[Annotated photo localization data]
━━━━━━
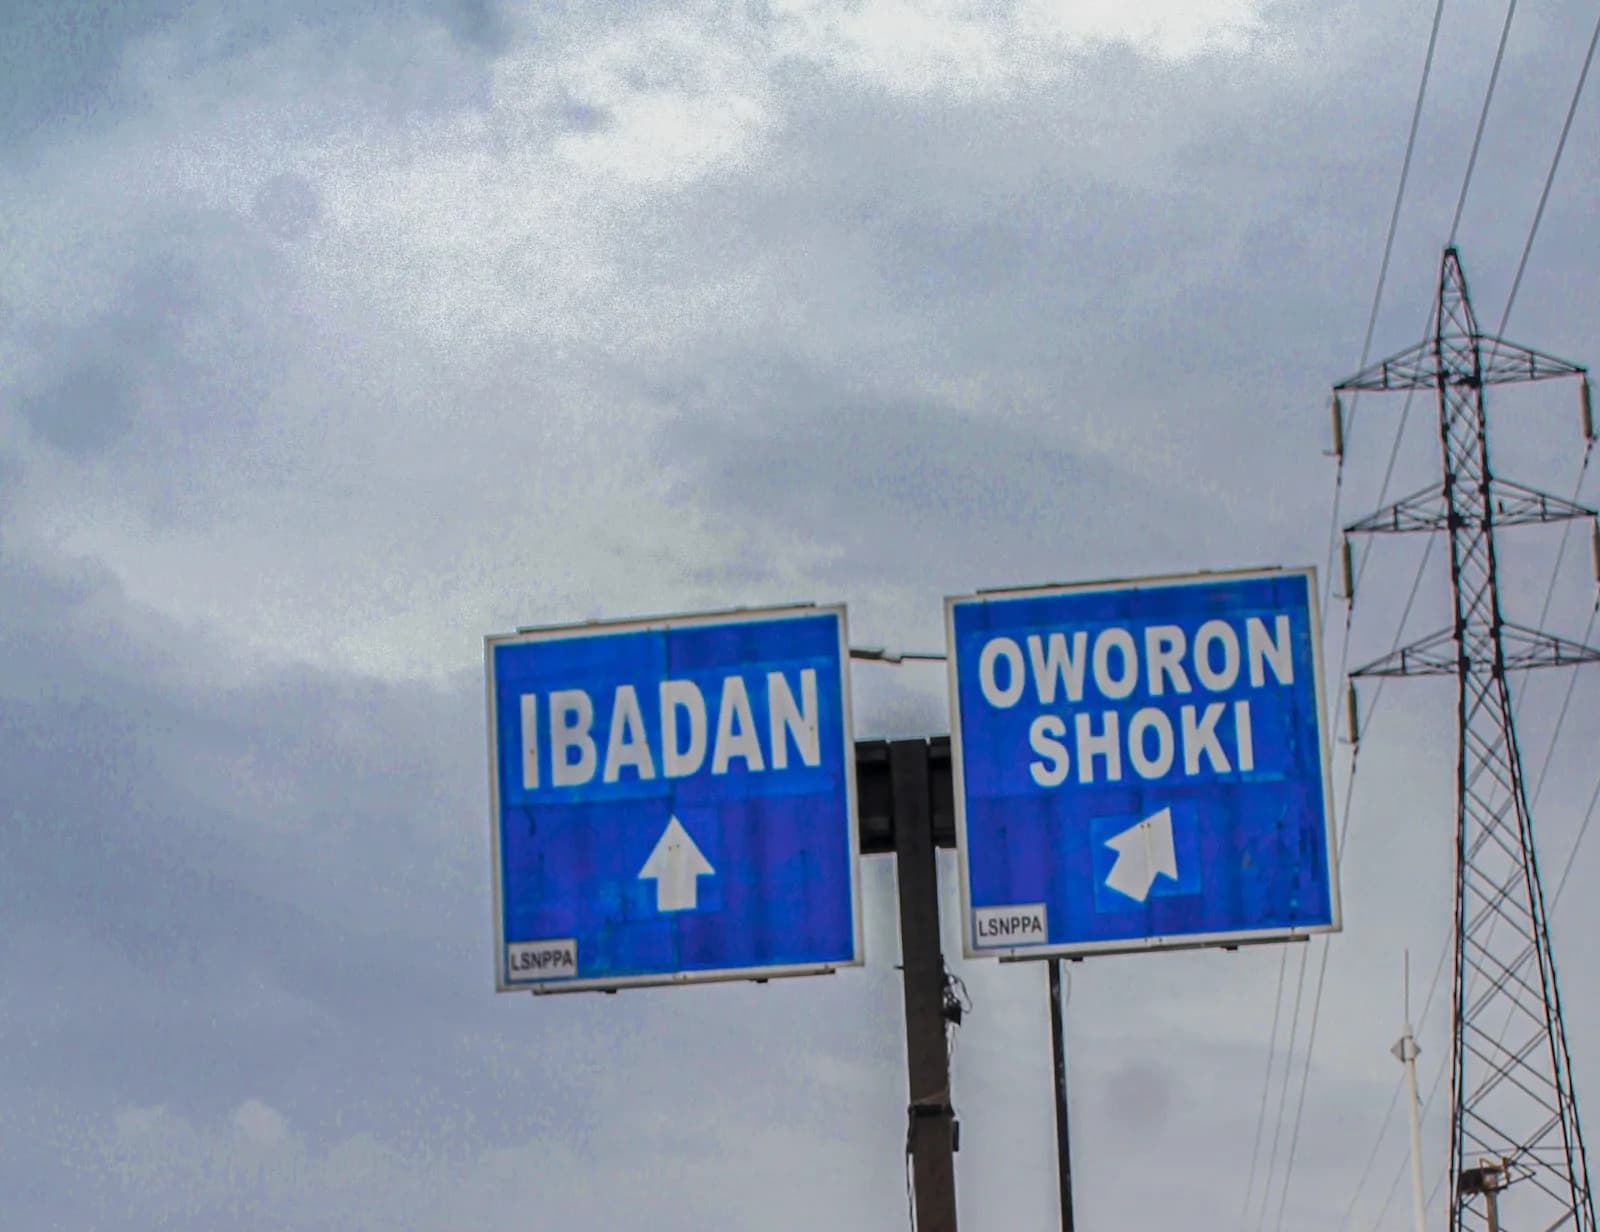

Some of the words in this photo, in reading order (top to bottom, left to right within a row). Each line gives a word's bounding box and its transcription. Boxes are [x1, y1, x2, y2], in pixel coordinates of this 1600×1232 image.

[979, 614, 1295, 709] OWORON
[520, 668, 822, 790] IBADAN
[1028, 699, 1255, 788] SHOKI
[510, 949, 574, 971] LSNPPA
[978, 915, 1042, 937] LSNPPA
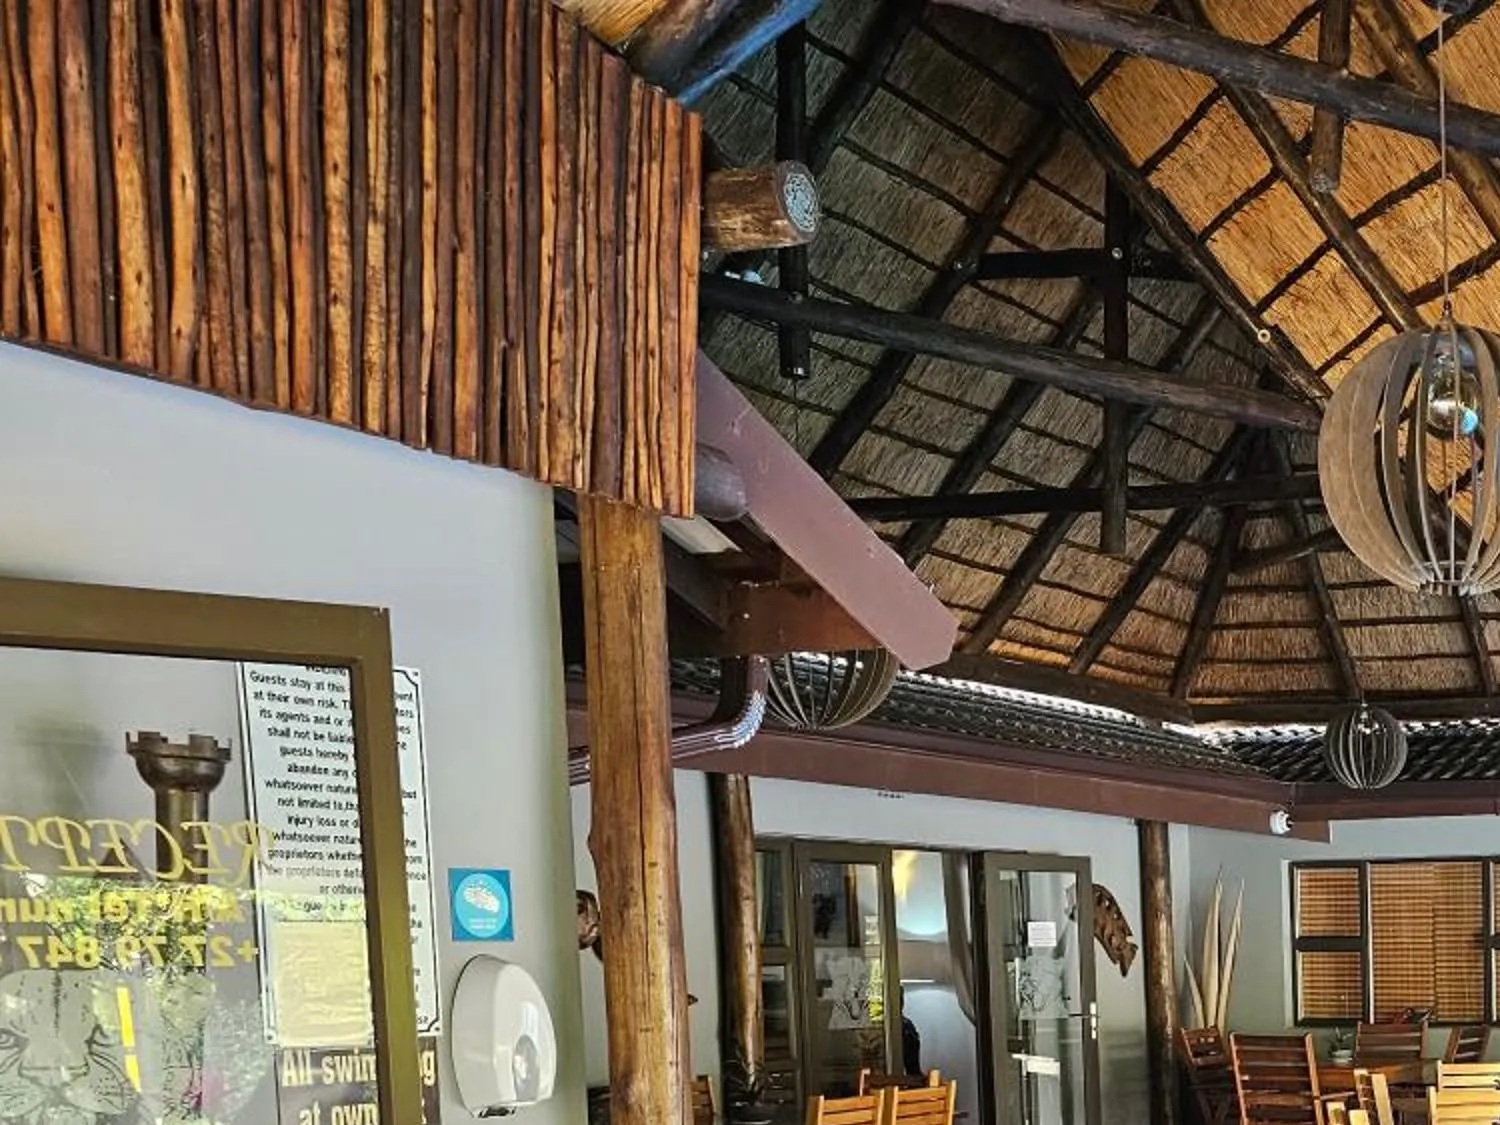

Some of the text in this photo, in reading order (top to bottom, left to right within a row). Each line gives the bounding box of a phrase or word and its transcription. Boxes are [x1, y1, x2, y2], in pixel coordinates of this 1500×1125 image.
━━━━━━
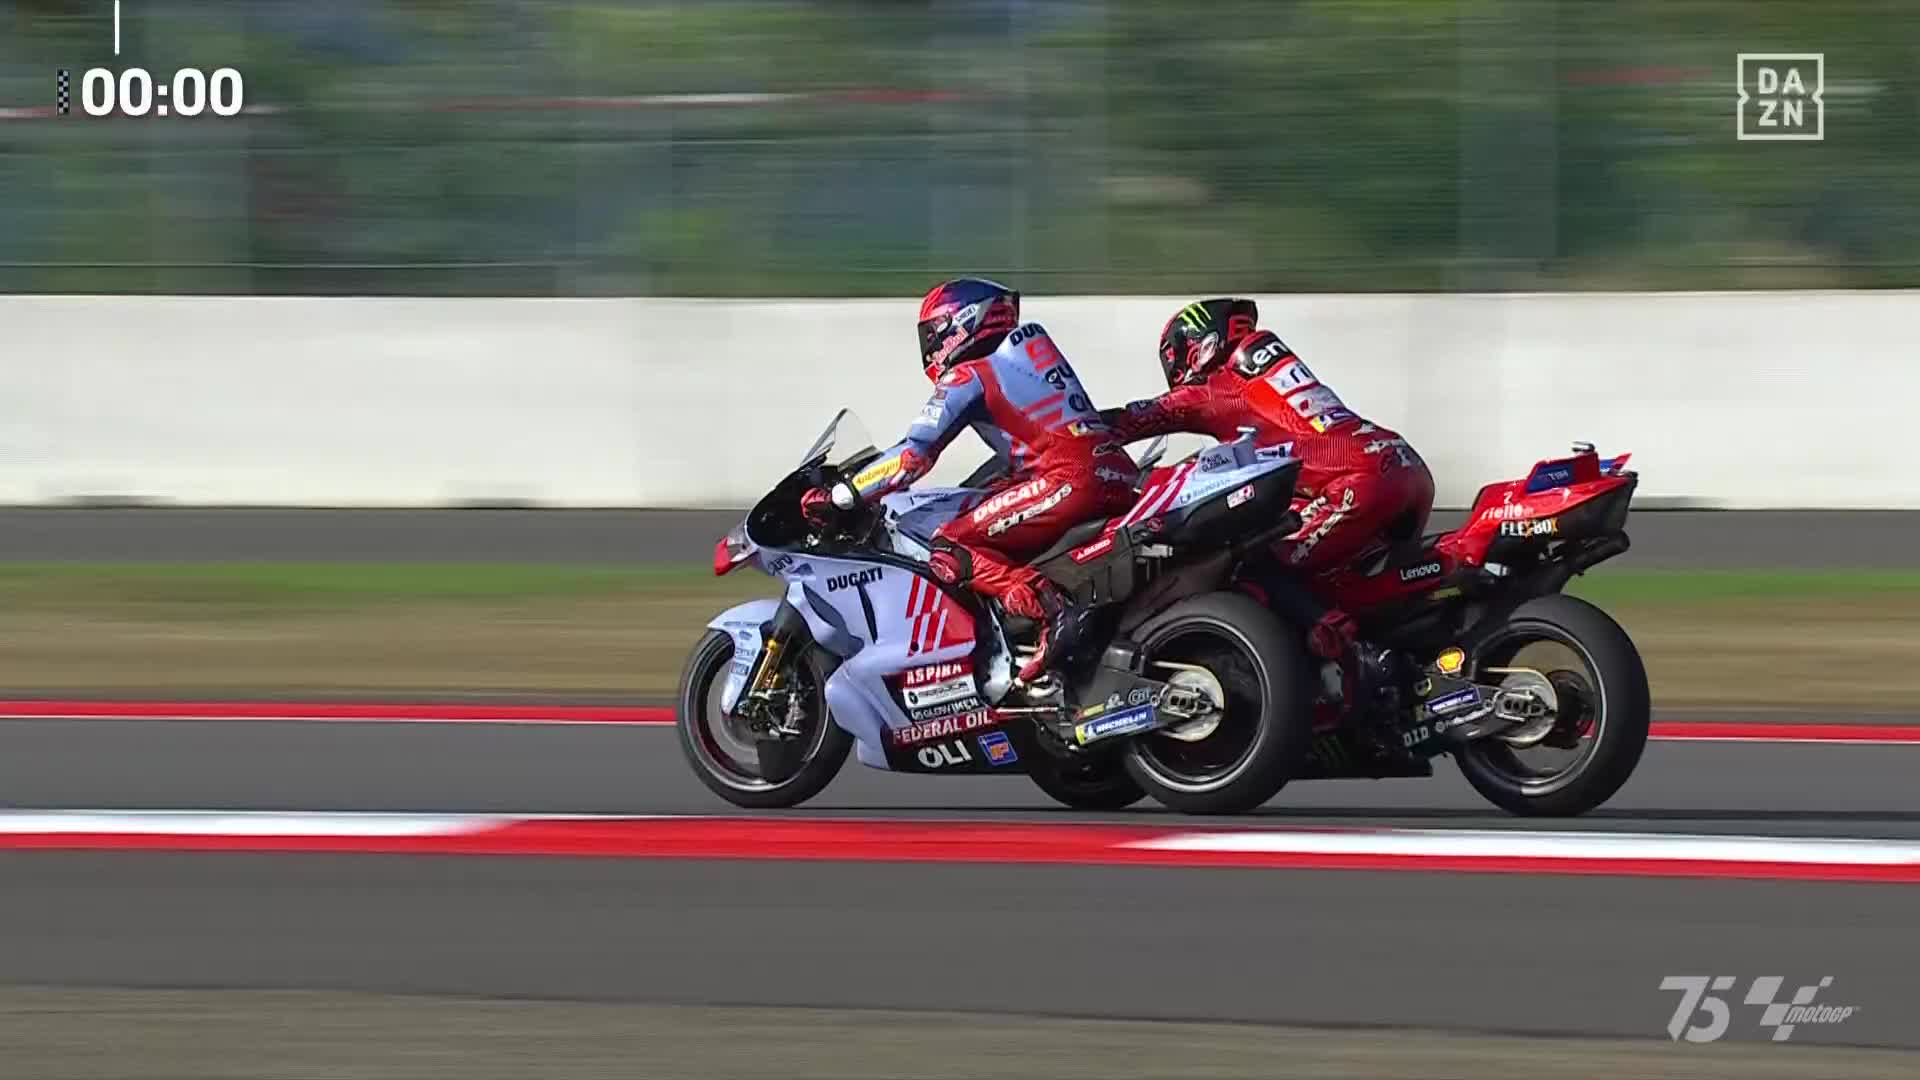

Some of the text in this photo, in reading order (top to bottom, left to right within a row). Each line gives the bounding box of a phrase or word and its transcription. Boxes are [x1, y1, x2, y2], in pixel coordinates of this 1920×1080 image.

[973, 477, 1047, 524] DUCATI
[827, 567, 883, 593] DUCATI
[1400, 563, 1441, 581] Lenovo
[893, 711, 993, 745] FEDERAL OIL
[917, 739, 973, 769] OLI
━━━━━━
▶ Instructions to follow
If a picture sits between the line containing "Some of the words" and the line containing "this 1500×1125 image.", leave it out, and return the lines of that range above exactly, both ends included.

▶ Written answer
Some of the words in this photo, in reading order (top to bottom, left to right within a row). Each line gives a word's bounding box and its transcription. Boxes are [x1, y1, x2, y2], in pixel coordinates of this 1600×1232 image.

[979, 614, 1295, 709] OWORON
[520, 668, 822, 790] IBADAN
[1028, 699, 1255, 788] SHOKI
[510, 949, 574, 971] LSNPPA
[978, 915, 1042, 937] LSNPPA

Some of the text in this photo, in reading order (top to bottom, left to right within a row). Each line gives the bounding box of a phrase or word and its transcription. Boxes are [x1, y1, x2, y2], in pixel coordinates of this 1500×1125 image.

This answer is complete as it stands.